I actually had the pleasure of speaking to Tale of Tales just a couple of weeks ago, where they teased a possible console port of Sunset. In light of recent events, I requested an update on that. This was their reply:

"We will continue to support our existing games. And that includes finding ways to bring them to different audiences."

"We are discussing porting Sunset to consoles with a company who offered to do this and fund it themselves. Of course the low sales on PC are discouraging. But it's still a possibility."

Indeed this is a sad state of affairs for Tale of Tales and the fans who appreciate its eclectic electronic experiments, but the dev raised some interesting questions. Why didn't Sunset sell better?

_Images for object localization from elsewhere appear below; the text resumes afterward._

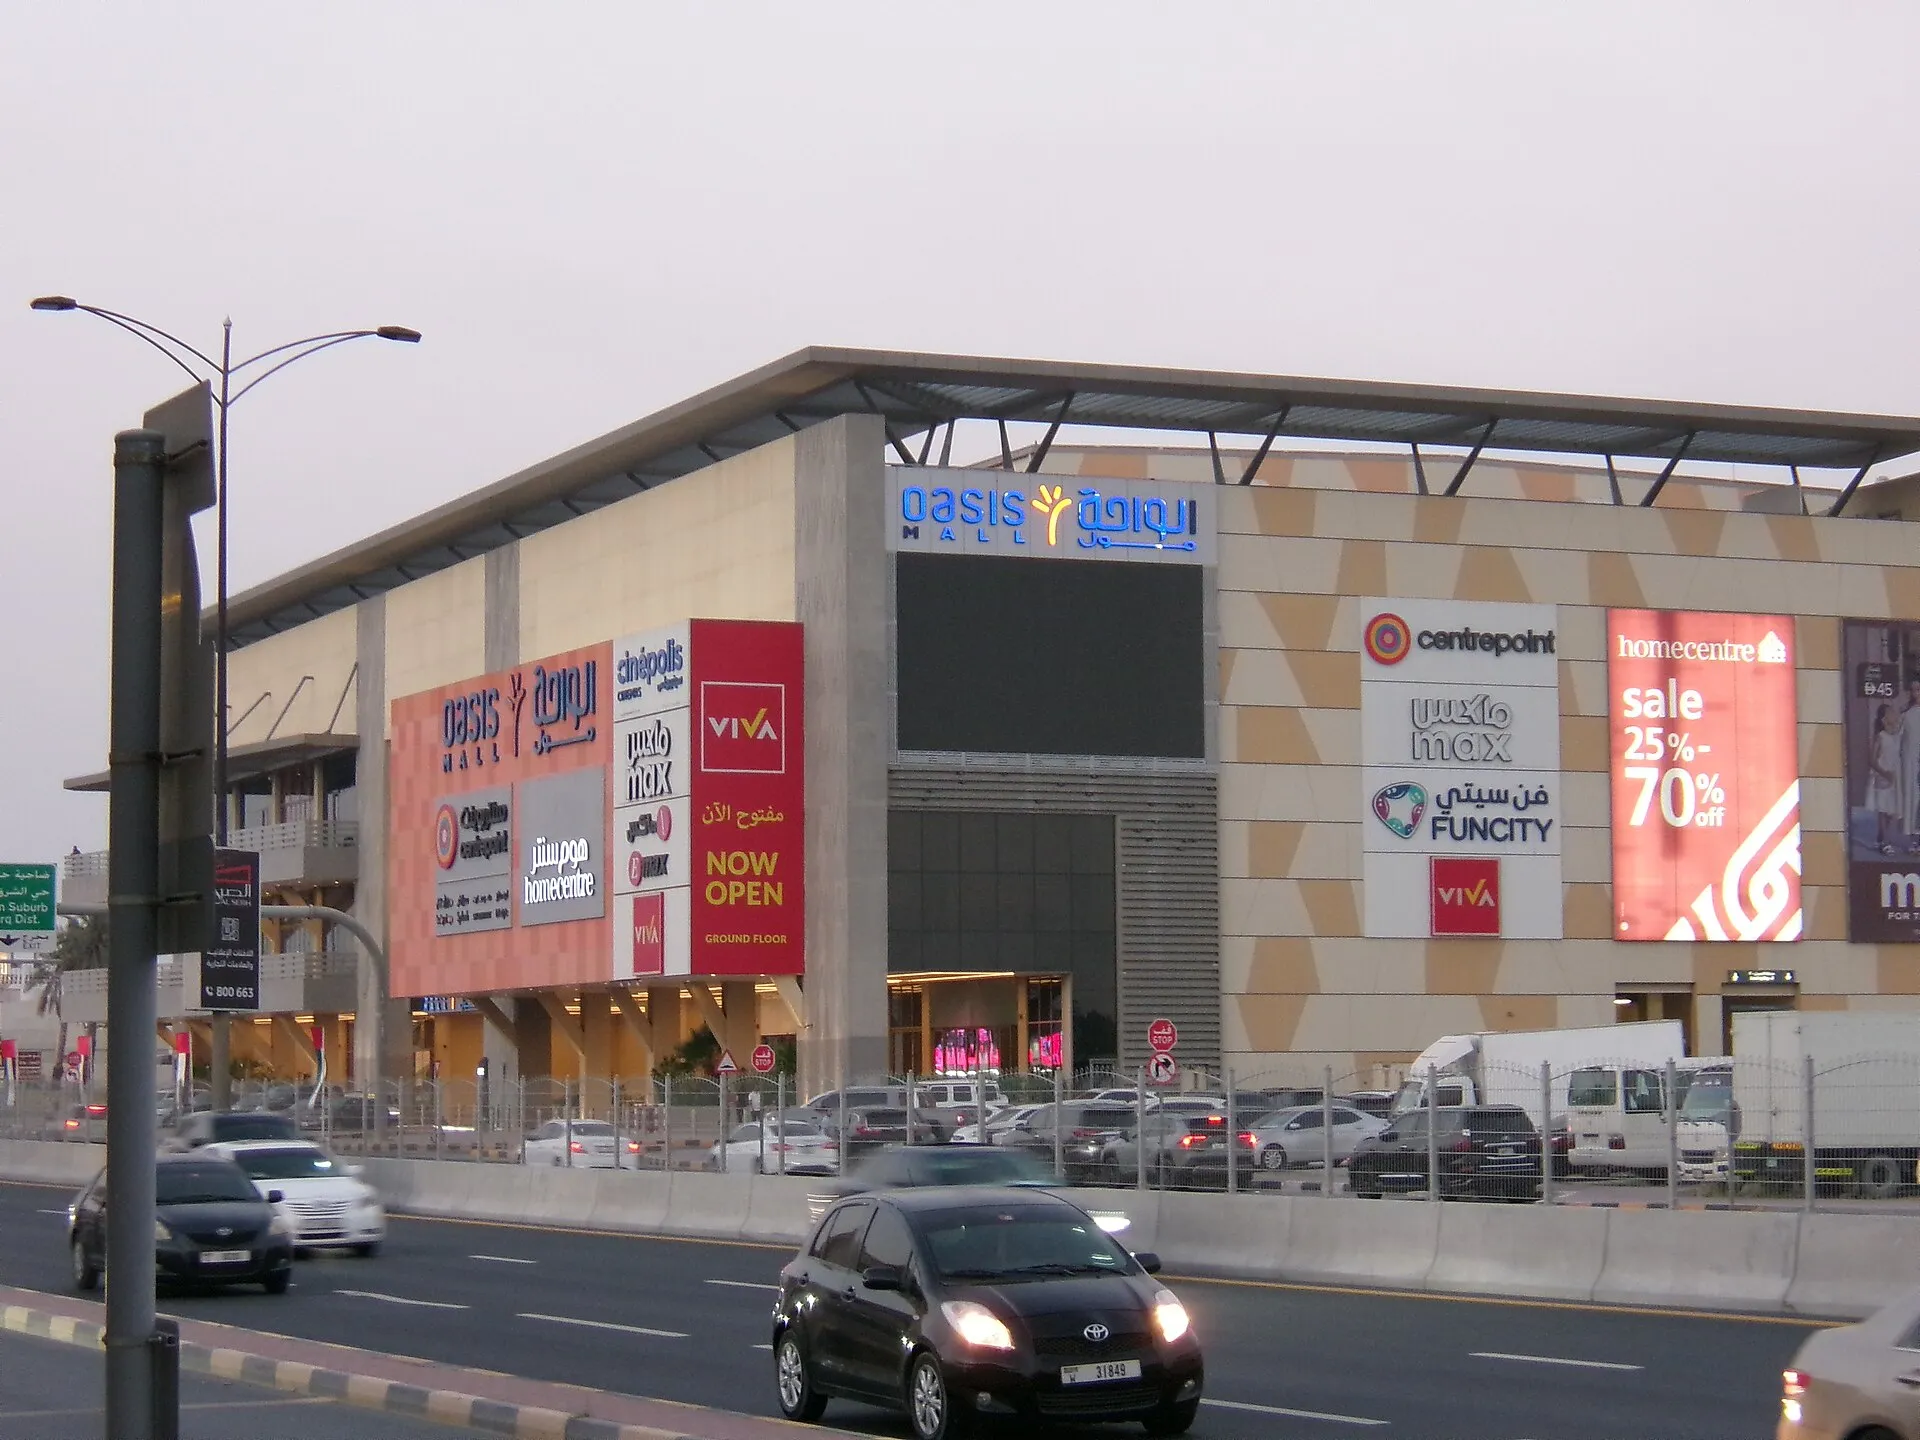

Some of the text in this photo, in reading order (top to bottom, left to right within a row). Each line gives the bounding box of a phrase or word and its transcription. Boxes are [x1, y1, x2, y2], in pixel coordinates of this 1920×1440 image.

[902, 525, 1026, 544] MALL
[1417, 627, 1556, 657] centrepoint
[1617, 635, 1756, 662] homecentre
[1622, 677, 1703, 720] sale
[708, 707, 778, 740] VIVA
[443, 743, 500, 773] MALL
[1411, 731, 1513, 762] max
[626, 761, 673, 801] max
[1436, 782, 1549, 815] فن سيتي
[702, 801, 784, 830] مفتوح الآن
[1694, 806, 1726, 827] off
[1431, 816, 1554, 842] FUNCITY
[707, 851, 779, 876] NOW
[524, 868, 595, 904] homecentre
[705, 880, 783, 906] OPEN
[1437, 878, 1496, 908] VIVA
[8, 901, 49, 912] Suburb
[15, 912, 40, 924] Dist.
[1888, 911, 1910, 920] FOR
[634, 914, 660, 945] VIVA
[705, 933, 787, 944] GROUND FLOOR
[216, 986, 254, 998] 800 663
[1153, 1035, 1172, 1044] STOP
[755, 1058, 771, 1066] STOP
[1096, 1363, 1126, 1379] 31849

After all, Eurogamer contributor Simon Parkin recommended it.

"Sunset, despite its minimalism, is a rare treat," he stated in his Sunset review. "It tells a story about revolution via the reflection of domesticity, an unusual and thrilling use of the video game medium, and one that expands both its scope and its definition."

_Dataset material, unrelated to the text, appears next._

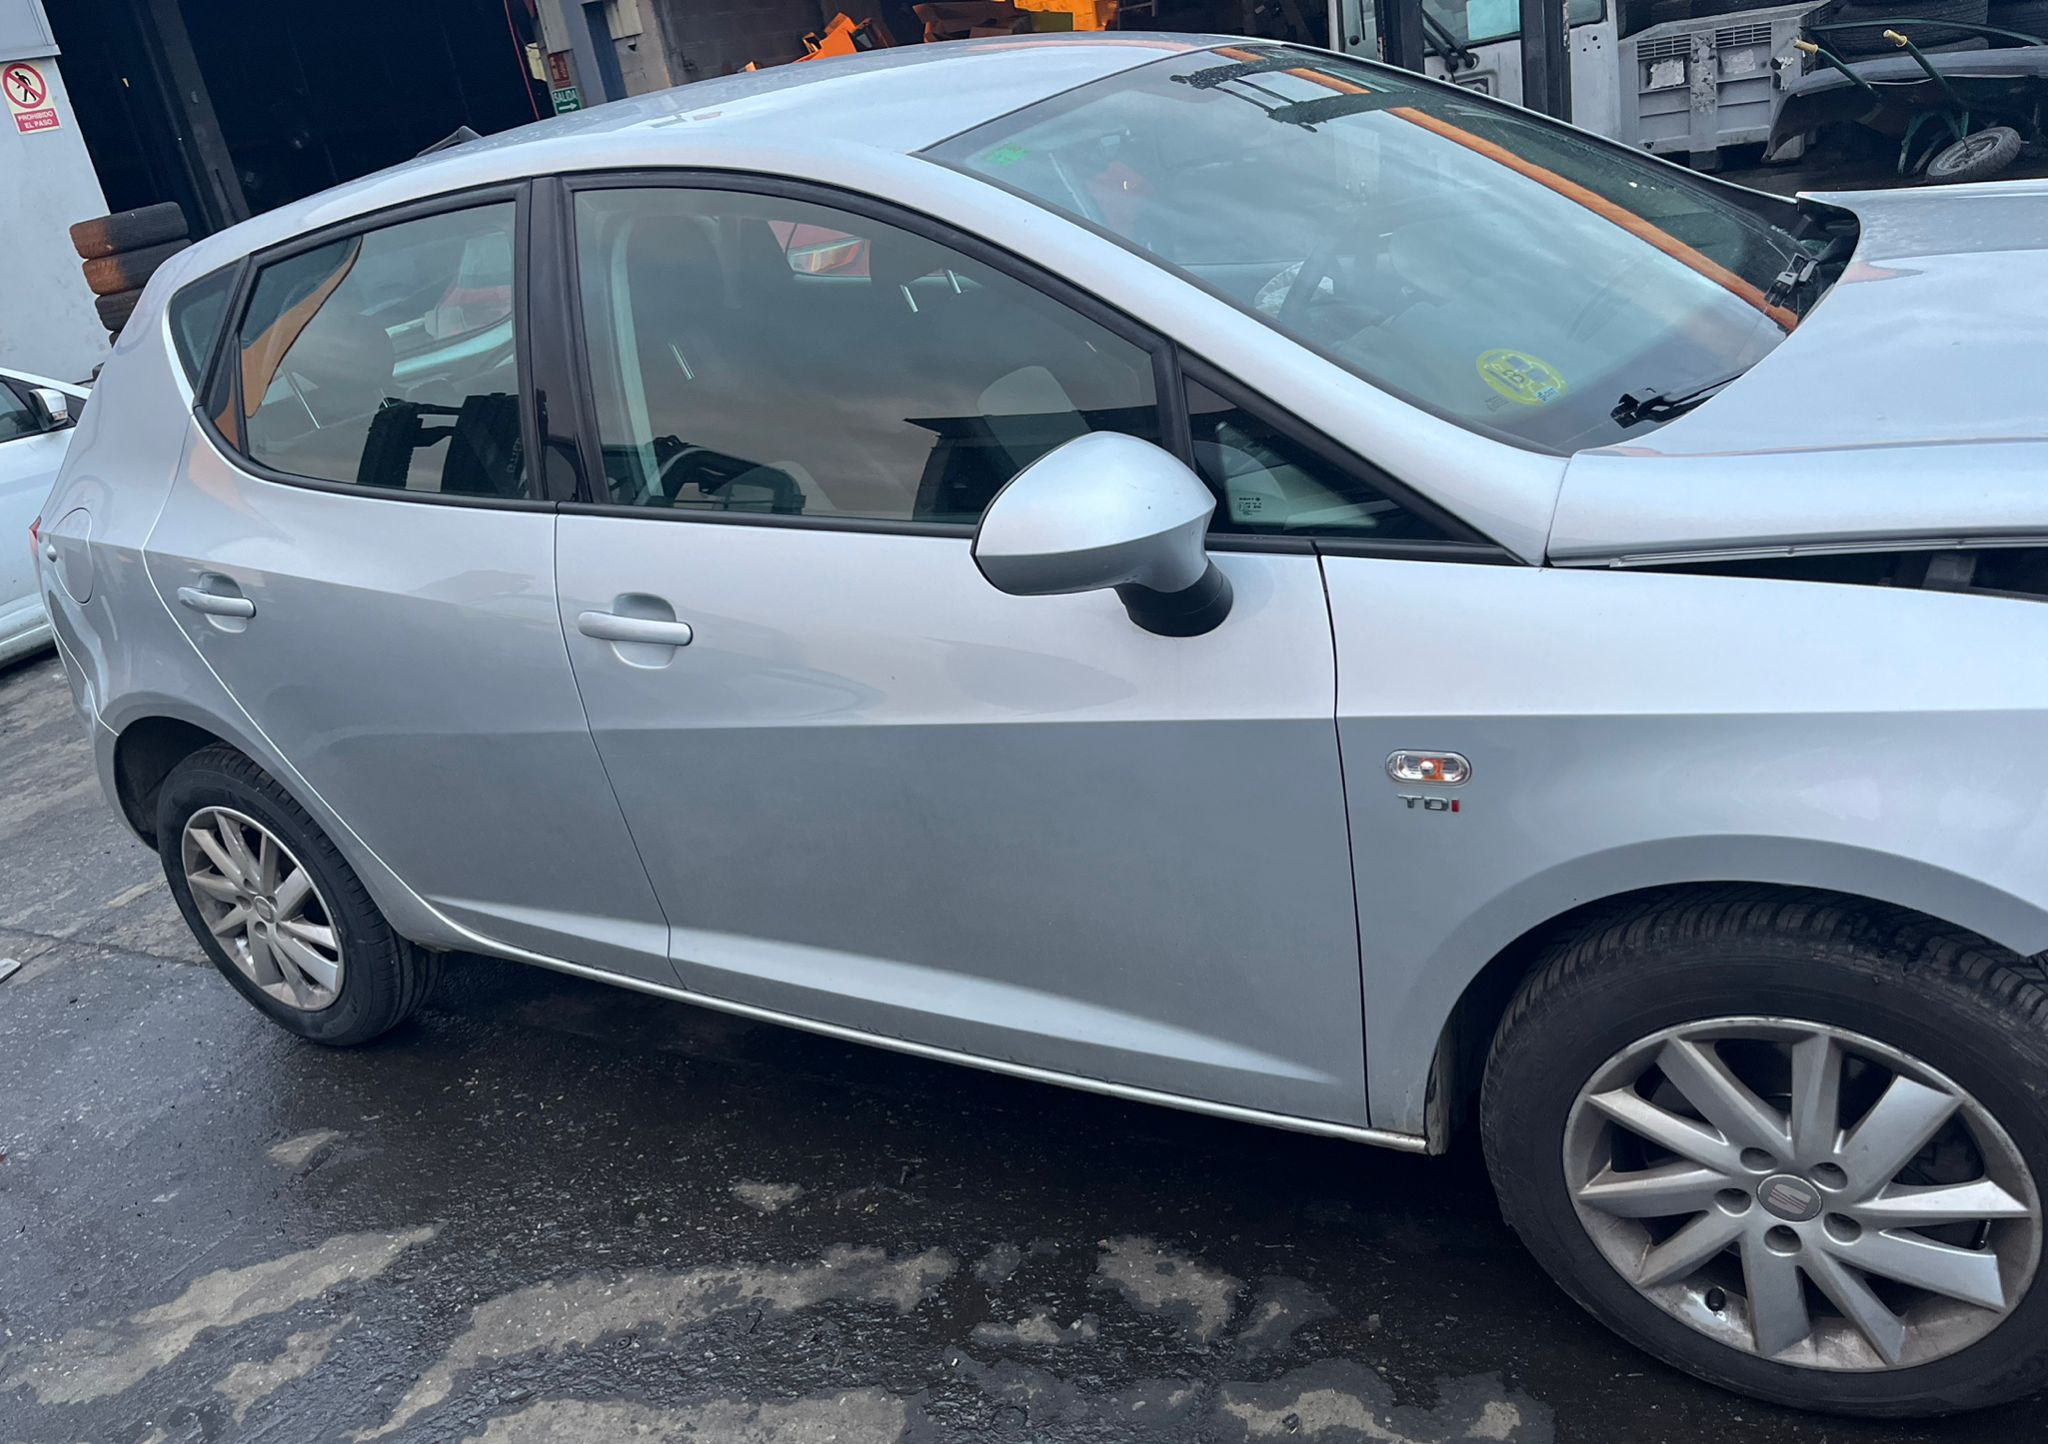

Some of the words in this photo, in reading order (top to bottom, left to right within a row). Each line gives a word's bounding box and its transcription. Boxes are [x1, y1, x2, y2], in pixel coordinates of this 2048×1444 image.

[553, 89, 577, 103] SALIDA
[17, 110, 54, 121] PROHIBIDO
[34, 119, 53, 127] PASO

In light of Tale of Tales closure, Michaël Samyn has started a Patreon called Unfettered Commentary on Video Games and the World. This will fund Samyn's commentary on what he finds problematic about the video games industry at large these days.

"I don't see a bright future for this medium if some radical changes don't happen soon," he said. "I am ready to share my views on this and the broader economic, political and social context. I have no commercial interest in the game industry anymore. I have nothing to lose. I can safely bite the hand that was unable to feed me."

"Maybe this will inspire some to make the many changes necessary to improve the situation. If not I hope it will contribute, however modestly, to the utter annihilation of video games as we know them."

"That would be nice."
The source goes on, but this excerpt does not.